> _Task requirements_
Look for the line containing "Some of the text" in the entries below, then print that line and all that follow it exactly.

START Available data

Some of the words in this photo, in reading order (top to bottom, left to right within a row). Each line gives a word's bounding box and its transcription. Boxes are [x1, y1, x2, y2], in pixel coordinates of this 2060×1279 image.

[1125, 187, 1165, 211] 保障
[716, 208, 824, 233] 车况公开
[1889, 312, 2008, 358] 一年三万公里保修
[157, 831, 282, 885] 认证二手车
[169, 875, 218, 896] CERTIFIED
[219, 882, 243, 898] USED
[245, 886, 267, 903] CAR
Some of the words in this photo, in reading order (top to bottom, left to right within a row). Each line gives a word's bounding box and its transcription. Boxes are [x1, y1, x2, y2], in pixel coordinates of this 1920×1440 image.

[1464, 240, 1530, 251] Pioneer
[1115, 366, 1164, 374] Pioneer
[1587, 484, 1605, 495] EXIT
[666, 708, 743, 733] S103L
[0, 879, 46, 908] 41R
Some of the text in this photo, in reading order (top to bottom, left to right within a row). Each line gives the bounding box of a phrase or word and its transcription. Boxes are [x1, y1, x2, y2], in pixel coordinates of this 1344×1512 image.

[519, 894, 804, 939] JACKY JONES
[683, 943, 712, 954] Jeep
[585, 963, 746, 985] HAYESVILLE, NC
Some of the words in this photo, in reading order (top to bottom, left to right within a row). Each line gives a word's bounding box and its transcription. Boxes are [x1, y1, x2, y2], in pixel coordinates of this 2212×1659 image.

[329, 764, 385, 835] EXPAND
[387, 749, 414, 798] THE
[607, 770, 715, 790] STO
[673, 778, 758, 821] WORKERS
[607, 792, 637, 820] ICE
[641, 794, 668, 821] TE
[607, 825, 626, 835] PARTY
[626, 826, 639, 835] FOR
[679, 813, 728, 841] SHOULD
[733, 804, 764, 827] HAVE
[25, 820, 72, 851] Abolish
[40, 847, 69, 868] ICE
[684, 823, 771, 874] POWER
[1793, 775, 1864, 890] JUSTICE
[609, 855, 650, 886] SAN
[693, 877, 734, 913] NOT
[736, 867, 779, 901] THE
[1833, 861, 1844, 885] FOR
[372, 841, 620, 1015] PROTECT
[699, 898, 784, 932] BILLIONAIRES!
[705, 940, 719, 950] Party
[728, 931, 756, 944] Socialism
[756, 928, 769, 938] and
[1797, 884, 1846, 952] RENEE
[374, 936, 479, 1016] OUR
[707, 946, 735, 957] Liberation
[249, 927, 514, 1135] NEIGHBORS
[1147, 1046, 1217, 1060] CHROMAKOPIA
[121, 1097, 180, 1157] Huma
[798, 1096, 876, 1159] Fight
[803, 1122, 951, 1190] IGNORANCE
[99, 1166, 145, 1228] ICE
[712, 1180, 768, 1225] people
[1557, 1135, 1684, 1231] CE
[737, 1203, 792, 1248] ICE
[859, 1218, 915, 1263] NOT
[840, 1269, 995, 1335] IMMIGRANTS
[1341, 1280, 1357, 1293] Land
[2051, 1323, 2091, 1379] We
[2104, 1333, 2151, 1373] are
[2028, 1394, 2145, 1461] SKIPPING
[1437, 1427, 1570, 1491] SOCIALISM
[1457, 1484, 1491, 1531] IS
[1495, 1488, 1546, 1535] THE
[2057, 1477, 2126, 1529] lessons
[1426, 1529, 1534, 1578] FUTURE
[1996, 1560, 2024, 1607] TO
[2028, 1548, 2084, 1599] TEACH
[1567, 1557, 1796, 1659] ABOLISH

END Available data

> _Answer section_
Some of the text in this photo, in reading order (top to bottom, left to right within a row). Each line gives the bounding box of a phrase or word and its transcription. Boxes are [x1, y1, x2, y2], in pixel coordinates of this 1344×1512 image.

[519, 894, 804, 939] JACKY JONES
[683, 943, 712, 954] Jeep
[585, 963, 746, 985] HAYESVILLE, NC
Some of the words in this photo, in reading order (top to bottom, left to right within a row). Each line gives a word's bounding box and its transcription. Boxes are [x1, y1, x2, y2], in pixel coordinates of this 2212×1659 image.

[329, 764, 385, 835] EXPAND
[387, 749, 414, 798] THE
[607, 770, 715, 790] STO
[673, 778, 758, 821] WORKERS
[607, 792, 637, 820] ICE
[641, 794, 668, 821] TE
[607, 825, 626, 835] PARTY
[626, 826, 639, 835] FOR
[679, 813, 728, 841] SHOULD
[733, 804, 764, 827] HAVE
[25, 820, 72, 851] Abolish
[40, 847, 69, 868] ICE
[684, 823, 771, 874] POWER
[1793, 775, 1864, 890] JUSTICE
[609, 855, 650, 886] SAN
[693, 877, 734, 913] NOT
[736, 867, 779, 901] THE
[1833, 861, 1844, 885] FOR
[372, 841, 620, 1015] PROTECT
[699, 898, 784, 932] BILLIONAIRES!
[705, 940, 719, 950] Party
[728, 931, 756, 944] Socialism
[756, 928, 769, 938] and
[1797, 884, 1846, 952] RENEE
[374, 936, 479, 1016] OUR
[707, 946, 735, 957] Liberation
[249, 927, 514, 1135] NEIGHBORS
[1147, 1046, 1217, 1060] CHROMAKOPIA
[121, 1097, 180, 1157] Huma
[798, 1096, 876, 1159] Fight
[803, 1122, 951, 1190] IGNORANCE
[99, 1166, 145, 1228] ICE
[712, 1180, 768, 1225] people
[1557, 1135, 1684, 1231] CE
[737, 1203, 792, 1248] ICE
[859, 1218, 915, 1263] NOT
[840, 1269, 995, 1335] IMMIGRANTS
[1341, 1280, 1357, 1293] Land
[2051, 1323, 2091, 1379] We
[2104, 1333, 2151, 1373] are
[2028, 1394, 2145, 1461] SKIPPING
[1437, 1427, 1570, 1491] SOCIALISM
[1457, 1484, 1491, 1531] IS
[1495, 1488, 1546, 1535] THE
[2057, 1477, 2126, 1529] lessons
[1426, 1529, 1534, 1578] FUTURE
[1996, 1560, 2024, 1607] TO
[2028, 1548, 2084, 1599] TEACH
[1567, 1557, 1796, 1659] ABOLISH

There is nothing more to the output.